EXERCISE INPUTS:
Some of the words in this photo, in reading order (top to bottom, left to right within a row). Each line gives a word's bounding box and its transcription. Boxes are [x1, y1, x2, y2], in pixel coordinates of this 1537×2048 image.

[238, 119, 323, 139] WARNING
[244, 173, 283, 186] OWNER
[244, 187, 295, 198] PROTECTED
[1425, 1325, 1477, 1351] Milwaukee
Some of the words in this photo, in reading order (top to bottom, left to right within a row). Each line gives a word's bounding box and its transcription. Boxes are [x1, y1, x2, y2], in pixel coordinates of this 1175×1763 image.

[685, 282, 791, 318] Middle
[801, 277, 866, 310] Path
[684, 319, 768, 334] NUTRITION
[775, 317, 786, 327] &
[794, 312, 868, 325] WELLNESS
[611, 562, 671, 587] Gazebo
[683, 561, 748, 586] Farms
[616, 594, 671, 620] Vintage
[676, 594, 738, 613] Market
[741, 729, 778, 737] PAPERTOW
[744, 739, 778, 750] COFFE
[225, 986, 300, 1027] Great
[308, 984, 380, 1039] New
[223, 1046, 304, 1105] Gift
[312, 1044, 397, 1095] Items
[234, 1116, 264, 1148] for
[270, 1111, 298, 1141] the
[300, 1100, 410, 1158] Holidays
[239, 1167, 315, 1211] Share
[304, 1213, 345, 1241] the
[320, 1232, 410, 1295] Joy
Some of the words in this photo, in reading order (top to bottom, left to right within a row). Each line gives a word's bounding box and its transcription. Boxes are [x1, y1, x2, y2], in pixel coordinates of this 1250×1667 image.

WHAT TO DO: An exact copy of every record is needed, so retype them all.

REPLY TO THE EXERCISE:
Some of the words in this photo, in reading order (top to bottom, left to right within a row). Each line gives a word's bounding box and its transcription. Boxes are [x1, y1, x2, y2], in pixel coordinates of this 1537×2048 image.

[238, 119, 323, 139] WARNING
[244, 173, 283, 186] OWNER
[244, 187, 295, 198] PROTECTED
[1425, 1325, 1477, 1351] Milwaukee
Some of the words in this photo, in reading order (top to bottom, left to right within a row). Each line gives a word's bounding box and its transcription. Boxes are [x1, y1, x2, y2], in pixel coordinates of this 1175×1763 image.

[685, 282, 791, 318] Middle
[801, 277, 866, 310] Path
[684, 319, 768, 334] NUTRITION
[775, 317, 786, 327] &
[794, 312, 868, 325] WELLNESS
[611, 562, 671, 587] Gazebo
[683, 561, 748, 586] Farms
[616, 594, 671, 620] Vintage
[676, 594, 738, 613] Market
[741, 729, 778, 737] PAPERTOW
[744, 739, 778, 750] COFFE
[225, 986, 300, 1027] Great
[308, 984, 380, 1039] New
[223, 1046, 304, 1105] Gift
[312, 1044, 397, 1095] Items
[234, 1116, 264, 1148] for
[270, 1111, 298, 1141] the
[300, 1100, 410, 1158] Holidays
[239, 1167, 315, 1211] Share
[304, 1213, 345, 1241] the
[320, 1232, 410, 1295] Joy
Some of the words in this photo, in reading order (top to bottom, left to right within a row). Each line gives a word's bounding box and its transcription. Boxes are [x1, y1, x2, y2], in pixel coordinates of this 1250×1667 image.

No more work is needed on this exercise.